The mounting position is in the space surrounded by the receiving portion 11 and the pair of supporting legs 12 and 12 of the fender 1 as shown in the figure. 1 and the auxiliary spring member 2 need to be arranged so as to satisfy the following conditions. In a state in which no compressive force is applied to the receiving portion 11 of the fender 1 and the supporting legs 12 are not compressed and deformed, the auxiliary spring member 2 moves the receiving portion 11 and the supporting legs 12, 12. Does not contact any of them. A compressive force acts on the receiving portion 11 of the fender 1 as shown by a white arrow in the figure, and the supporting legs 12 and 12 buckle and the reaction force of the fender 1 increases. When the fender 1 is compressed and deformed to a compression amount corresponding to the inflection point at which the fender turns to decrease or a predetermined compression amount less than that, the auxiliary spring member 2
However, while maintaining a non-contact state with the pair of supporting legs 12, 12, the receiving unit 21 is attached to the spacer 13 on the rear surface of the receiving unit 11.
And receives compressive force together with the fender 1.

The most important of the above conditions is the fender 1
This is the timing of contact between the spacer 13 and the receiving portion 21 of the auxiliary spring member 2. In other words, if the pair of supporting legs 12, 12 of the fender 1 is buckled and deformed, and the reaction force of the fender 1 is greatly reduced, the two contact each other. The compression-reaction characteristics of the reaction type cannot be achieved.

Both correspond to an inflection point at which the pair of supporting legs 12, 12 of the fender 1 is buckled and deformed as described above, and the reaction force of the fender 1 changes from increasing to decreasing. When the fender 1 is compressed and deformed to a predetermined amount of compression or less, it is necessary to contact each other. In order to adjust the contact timing as described above, the dimensions and shapes of the fender 1, particularly the bearing legs 12 and 12, or the dimensions and shapes of the auxiliary spring member 2 may be adjusted. In such a case, the compression amount-reaction force characteristics of both may be affected.

Therefore, the fender 1 and the auxiliary spring member 2 are dimensioned so as to exhibit ideal compression-reaction characteristics, and the thickness of the spacer 13, that is, the lower surface of the spacer 13, as described above. It is desirable to adjust the contact timing between the auxiliary spring member 2 and the upper surface of the receiving portion 21 by adjusting the distance between the two (G in FIG. 1A).
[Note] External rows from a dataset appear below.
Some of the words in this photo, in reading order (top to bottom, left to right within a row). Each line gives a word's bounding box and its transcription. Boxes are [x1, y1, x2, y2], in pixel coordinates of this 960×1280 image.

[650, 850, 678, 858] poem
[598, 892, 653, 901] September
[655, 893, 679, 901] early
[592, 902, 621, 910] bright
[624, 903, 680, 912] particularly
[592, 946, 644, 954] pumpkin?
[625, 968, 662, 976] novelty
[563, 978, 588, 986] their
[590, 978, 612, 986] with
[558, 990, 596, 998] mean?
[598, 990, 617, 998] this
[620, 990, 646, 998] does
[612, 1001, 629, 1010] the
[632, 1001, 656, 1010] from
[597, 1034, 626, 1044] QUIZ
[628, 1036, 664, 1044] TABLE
In some cases, depending on the dimensions and shapes of the fender 1 and the auxiliary spring member 2, the timing of contact may be most suitable without the spacer 13, and in that case, the spacer 13 may be omitted. Good. In addition, the auxiliary spring member 2 needs to maintain a non-contact state with the pair of support legs 12, 12 of the fender 1 in any of the above-described states.

If the above two members come into contact with each other in any state, deformation of one or both of the fender 1 and the auxiliary spring member 2 due to compression is impeded. The device cannot have an ideal constant reaction type compression amount-reaction characteristic. For example, as shown in FIG. 5 of JP-A-56-100914, an auxiliary spring member 5 'is connected to a fender 2'.
When the auxiliary spring member 5 'is completely brought into close contact with the pair of supporting legs, the portion of the auxiliary spring member 5' which expands outward by compression is
Since the supporting leg portion of the fender 2 'is located at a position close to the tip portion fixed to the quay, the compression deformation of the auxiliary spring member 5' is inhibited, and the designed compression amount-reaction characteristic is exhibited. Predicted to be impossible.

The configuration of the fender according to the present invention is not limited to the above-described example shown in the drawings. For example, fender 1
The receiving portion 11 and the two support legs 12, 12 may be integrally formed of an elastic material such as rubber. Conversely, the auxiliary spring member 2 may be formed by combining a rigid flat plate-shaped receiving plate and a support leg formed of an elastic material such as rubber.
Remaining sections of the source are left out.